▶ [Goal of the exercise]: Word for word, return every record.

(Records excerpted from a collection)
========================================================================

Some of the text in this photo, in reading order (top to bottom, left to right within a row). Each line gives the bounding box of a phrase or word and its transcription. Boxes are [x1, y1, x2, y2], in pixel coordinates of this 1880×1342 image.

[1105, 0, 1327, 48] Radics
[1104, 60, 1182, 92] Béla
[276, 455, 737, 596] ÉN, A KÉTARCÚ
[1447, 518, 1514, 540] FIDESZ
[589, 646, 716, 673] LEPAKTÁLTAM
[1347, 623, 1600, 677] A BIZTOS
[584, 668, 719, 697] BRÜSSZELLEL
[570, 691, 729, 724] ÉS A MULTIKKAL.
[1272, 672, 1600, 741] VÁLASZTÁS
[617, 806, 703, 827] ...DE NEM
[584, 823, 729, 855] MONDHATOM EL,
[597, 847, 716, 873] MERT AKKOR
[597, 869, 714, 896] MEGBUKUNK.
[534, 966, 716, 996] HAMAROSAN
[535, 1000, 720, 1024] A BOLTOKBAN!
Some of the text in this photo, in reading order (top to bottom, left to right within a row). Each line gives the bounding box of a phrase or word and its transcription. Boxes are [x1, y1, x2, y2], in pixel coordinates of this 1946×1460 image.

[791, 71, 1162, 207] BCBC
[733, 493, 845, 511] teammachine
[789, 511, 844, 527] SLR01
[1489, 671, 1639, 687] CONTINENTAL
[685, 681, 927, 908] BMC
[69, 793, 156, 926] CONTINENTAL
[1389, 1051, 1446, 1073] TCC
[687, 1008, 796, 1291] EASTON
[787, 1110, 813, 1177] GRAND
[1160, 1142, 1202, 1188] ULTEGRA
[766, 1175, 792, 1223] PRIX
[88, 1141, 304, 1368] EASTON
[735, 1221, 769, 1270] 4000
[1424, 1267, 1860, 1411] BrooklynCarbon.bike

========================================================================

▶ [Task solution]:
Some of the text in this photo, in reading order (top to bottom, left to right within a row). Each line gives the bounding box of a phrase or word and its transcription. Boxes are [x1, y1, x2, y2], in pixel coordinates of this 1880×1342 image.

[1105, 0, 1327, 48] Radics
[1104, 60, 1182, 92] Béla
[276, 455, 737, 596] ÉN, A KÉTARCÚ
[1447, 518, 1514, 540] FIDESZ
[589, 646, 716, 673] LEPAKTÁLTAM
[1347, 623, 1600, 677] A BIZTOS
[584, 668, 719, 697] BRÜSSZELLEL
[570, 691, 729, 724] ÉS A MULTIKKAL.
[1272, 672, 1600, 741] VÁLASZTÁS
[617, 806, 703, 827] ...DE NEM
[584, 823, 729, 855] MONDHATOM EL,
[597, 847, 716, 873] MERT AKKOR
[597, 869, 714, 896] MEGBUKUNK.
[534, 966, 716, 996] HAMAROSAN
[535, 1000, 720, 1024] A BOLTOKBAN!
Some of the text in this photo, in reading order (top to bottom, left to right within a row). Each line gives the bounding box of a phrase or word and its transcription. Boxes are [x1, y1, x2, y2], in pixel coordinates of this 1946×1460 image.

[791, 71, 1162, 207] BCBC
[733, 493, 845, 511] teammachine
[789, 511, 844, 527] SLR01
[1489, 671, 1639, 687] CONTINENTAL
[685, 681, 927, 908] BMC
[69, 793, 156, 926] CONTINENTAL
[1389, 1051, 1446, 1073] TCC
[687, 1008, 796, 1291] EASTON
[787, 1110, 813, 1177] GRAND
[1160, 1142, 1202, 1188] ULTEGRA
[766, 1175, 792, 1223] PRIX
[88, 1141, 304, 1368] EASTON
[735, 1221, 769, 1270] 4000
[1424, 1267, 1860, 1411] BrooklynCarbon.bike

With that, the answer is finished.